Government Decides to Repeal Gaming Regulation, Casino Licenses
Meghalaya’s Law Minister James K. Sangma announced last week that authorities are preparing to formally repeal the Regulation of Gaming Act (2021), along with the several casino licenses already announced earlier. The move comes after months of outspoken resistance by church leaders, civil groups, and local governance councils.
In February, the Meghalaya Prevention of Gambling Act (1970) was canceled in favor of new legislation dealing with existing forms of gambling. Addressing issues like widespread betting and black market games of chance, the ordinance introduced a licensing procedure and paved the way for modern online gaming for real money.
The Meghalaya Gaming Commission already had some high-profile recruits among its ranks in the summer. That was followed by the issuing of three licenses for land-based casinos, to be assigned after a stringent application procedure.
The State Department of Taxation had already prepared rules and budget forecasts for gaming taxation and licensing fee revenues. The Law Minister reminded in his speech that the regulation was intended to boost tourism, generate revenues for the exchequer and create employment for residents.
However, church leaders repeatedly petitioned the government to repeal the Act, calling it immoral and predicting a “high price” for society in the long run. Roughly 75% of Meghalaya’s population identifies as Christian.

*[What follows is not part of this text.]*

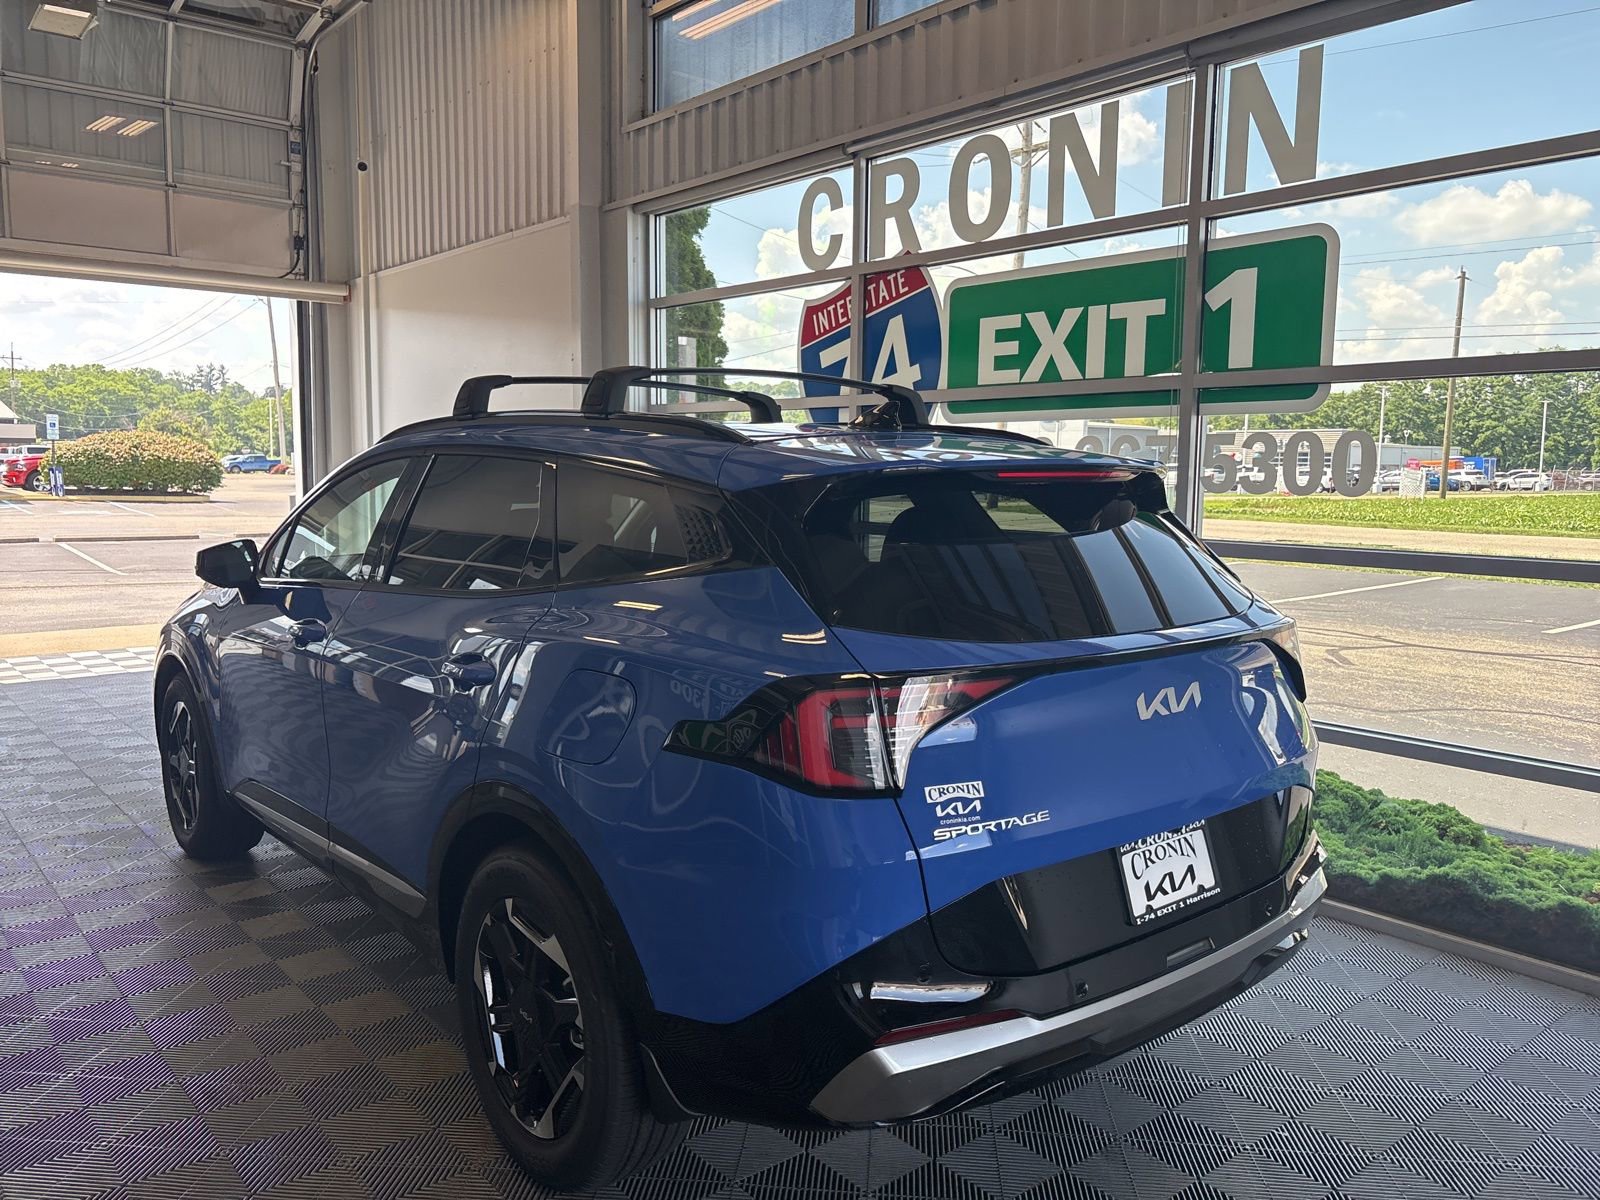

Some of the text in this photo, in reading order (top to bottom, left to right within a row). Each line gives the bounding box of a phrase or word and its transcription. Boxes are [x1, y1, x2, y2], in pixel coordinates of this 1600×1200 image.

Hesitant Political Stance Puts Industry Future, Public Revenues at Stake
James Sangma is also said to have met other interest groups like NGOs, Dorbar Shnongs (village councils), and youth organizations. A civil association unambiguously called Joint Action Committee Against Casino (JACAC) has been among the most active bodies campaigning against casinos setting up in the state.
Yielding to such pressure, authorities simply agree to reality under the carpet. Besides Teer – as widespread as it is informal across Meghalaya – all forms of betting and gambling will now remain unregulated and rely on cash-based and black-market transactions.
Industry experts seem to think there is more to the move than meets the eye. The State’s Chief Minister, Conrad Sangma, is the younger brother of the Law and Taxation Minister. The former is also currently heading a Group of Ministers (GoM) appointed by the Centre to examine taxation rules on casinos, horse racing, and online gaming.
Since July, the GoM has been mulling over Goods and Services Taxes (GST) for real money games. Its Chair, Conrad Sangma, has gone on record saying that gambling genres and online games have various natures and monetization and need separate taxation approaches. The current practice sees all real-money games in the 28% GST slab.
Ultimately, Meghalaya backtracking on the debate about legal gaming for real money seems to be the chosen course of action across the Union. Shelving similar decisions does not help consumer protection, and it certainly holds back the Indian legal gaming industry.